Could you reproduce all of these records exactly?

[Dataset entries]
================

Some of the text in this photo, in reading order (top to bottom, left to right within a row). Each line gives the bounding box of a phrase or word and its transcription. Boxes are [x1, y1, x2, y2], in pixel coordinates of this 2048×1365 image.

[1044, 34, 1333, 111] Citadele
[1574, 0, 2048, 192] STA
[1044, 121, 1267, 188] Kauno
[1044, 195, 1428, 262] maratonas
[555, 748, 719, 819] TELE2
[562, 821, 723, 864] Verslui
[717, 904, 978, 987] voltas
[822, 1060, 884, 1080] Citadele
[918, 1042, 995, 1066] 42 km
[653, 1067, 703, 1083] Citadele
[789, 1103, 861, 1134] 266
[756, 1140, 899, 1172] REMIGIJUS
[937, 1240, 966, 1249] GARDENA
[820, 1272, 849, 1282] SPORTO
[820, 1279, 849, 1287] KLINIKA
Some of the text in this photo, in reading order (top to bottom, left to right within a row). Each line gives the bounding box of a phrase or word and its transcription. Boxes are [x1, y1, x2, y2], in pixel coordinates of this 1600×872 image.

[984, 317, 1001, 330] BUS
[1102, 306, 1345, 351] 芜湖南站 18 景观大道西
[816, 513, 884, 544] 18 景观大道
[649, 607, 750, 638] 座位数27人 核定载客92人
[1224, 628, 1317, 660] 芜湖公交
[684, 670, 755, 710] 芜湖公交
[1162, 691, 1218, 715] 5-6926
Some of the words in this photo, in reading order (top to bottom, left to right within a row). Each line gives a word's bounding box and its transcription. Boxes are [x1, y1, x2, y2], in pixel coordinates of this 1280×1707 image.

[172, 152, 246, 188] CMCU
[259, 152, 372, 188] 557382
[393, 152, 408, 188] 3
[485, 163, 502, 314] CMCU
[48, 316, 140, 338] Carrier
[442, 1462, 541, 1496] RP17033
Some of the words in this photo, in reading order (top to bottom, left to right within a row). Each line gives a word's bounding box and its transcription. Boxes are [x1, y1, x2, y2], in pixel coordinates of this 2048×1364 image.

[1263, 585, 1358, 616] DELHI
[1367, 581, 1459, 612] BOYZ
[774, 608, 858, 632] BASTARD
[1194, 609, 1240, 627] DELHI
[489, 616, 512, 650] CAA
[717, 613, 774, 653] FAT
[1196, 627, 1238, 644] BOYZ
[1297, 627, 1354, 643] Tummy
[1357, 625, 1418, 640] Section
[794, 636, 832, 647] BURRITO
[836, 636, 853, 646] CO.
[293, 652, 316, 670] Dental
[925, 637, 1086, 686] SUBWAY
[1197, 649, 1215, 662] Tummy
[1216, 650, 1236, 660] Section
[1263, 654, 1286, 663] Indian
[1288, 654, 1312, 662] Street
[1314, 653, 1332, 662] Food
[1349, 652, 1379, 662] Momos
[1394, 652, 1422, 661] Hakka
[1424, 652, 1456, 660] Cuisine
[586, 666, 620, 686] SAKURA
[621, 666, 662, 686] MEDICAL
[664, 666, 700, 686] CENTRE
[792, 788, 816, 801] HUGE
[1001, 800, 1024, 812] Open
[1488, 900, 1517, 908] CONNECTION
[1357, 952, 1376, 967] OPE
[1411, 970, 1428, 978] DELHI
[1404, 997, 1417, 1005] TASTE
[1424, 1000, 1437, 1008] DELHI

================

→ Answer to this exercise:
Some of the text in this photo, in reading order (top to bottom, left to right within a row). Each line gives the bounding box of a phrase or word and its transcription. Boxes are [x1, y1, x2, y2], in pixel coordinates of this 2048×1365 image.

[1044, 34, 1333, 111] Citadele
[1574, 0, 2048, 192] STA
[1044, 121, 1267, 188] Kauno
[1044, 195, 1428, 262] maratonas
[555, 748, 719, 819] TELE2
[562, 821, 723, 864] Verslui
[717, 904, 978, 987] voltas
[822, 1060, 884, 1080] Citadele
[918, 1042, 995, 1066] 42 km
[653, 1067, 703, 1083] Citadele
[789, 1103, 861, 1134] 266
[756, 1140, 899, 1172] REMIGIJUS
[937, 1240, 966, 1249] GARDENA
[820, 1272, 849, 1282] SPORTO
[820, 1279, 849, 1287] KLINIKA
Some of the text in this photo, in reading order (top to bottom, left to right within a row). Each line gives the bounding box of a phrase or word and its transcription. Boxes are [x1, y1, x2, y2], in pixel coordinates of this 1600×872 image.

[984, 317, 1001, 330] BUS
[1102, 306, 1345, 351] 芜湖南站 18 景观大道西
[816, 513, 884, 544] 18 景观大道
[649, 607, 750, 638] 座位数27人 核定载客92人
[1224, 628, 1317, 660] 芜湖公交
[684, 670, 755, 710] 芜湖公交
[1162, 691, 1218, 715] 5-6926
Some of the words in this photo, in reading order (top to bottom, left to right within a row). Each line gives a word's bounding box and its transcription. Boxes are [x1, y1, x2, y2], in pixel coordinates of this 1280×1707 image.

[172, 152, 246, 188] CMCU
[259, 152, 372, 188] 557382
[393, 152, 408, 188] 3
[485, 163, 502, 314] CMCU
[48, 316, 140, 338] Carrier
[442, 1462, 541, 1496] RP17033
Some of the words in this photo, in reading order (top to bottom, left to right within a row). Each line gives a word's bounding box and its transcription. Boxes are [x1, y1, x2, y2], in pixel coordinates of this 2048×1364 image.

[1263, 585, 1358, 616] DELHI
[1367, 581, 1459, 612] BOYZ
[774, 608, 858, 632] BASTARD
[1194, 609, 1240, 627] DELHI
[489, 616, 512, 650] CAA
[717, 613, 774, 653] FAT
[1196, 627, 1238, 644] BOYZ
[1297, 627, 1354, 643] Tummy
[1357, 625, 1418, 640] Section
[794, 636, 832, 647] BURRITO
[836, 636, 853, 646] CO.
[293, 652, 316, 670] Dental
[925, 637, 1086, 686] SUBWAY
[1197, 649, 1215, 662] Tummy
[1216, 650, 1236, 660] Section
[1263, 654, 1286, 663] Indian
[1288, 654, 1312, 662] Street
[1314, 653, 1332, 662] Food
[1349, 652, 1379, 662] Momos
[1394, 652, 1422, 661] Hakka
[1424, 652, 1456, 660] Cuisine
[586, 666, 620, 686] SAKURA
[621, 666, 662, 686] MEDICAL
[664, 666, 700, 686] CENTRE
[792, 788, 816, 801] HUGE
[1001, 800, 1024, 812] Open
[1488, 900, 1517, 908] CONNECTION
[1357, 952, 1376, 967] OPE
[1411, 970, 1428, 978] DELHI
[1404, 997, 1417, 1005] TASTE
[1424, 1000, 1437, 1008] DELHI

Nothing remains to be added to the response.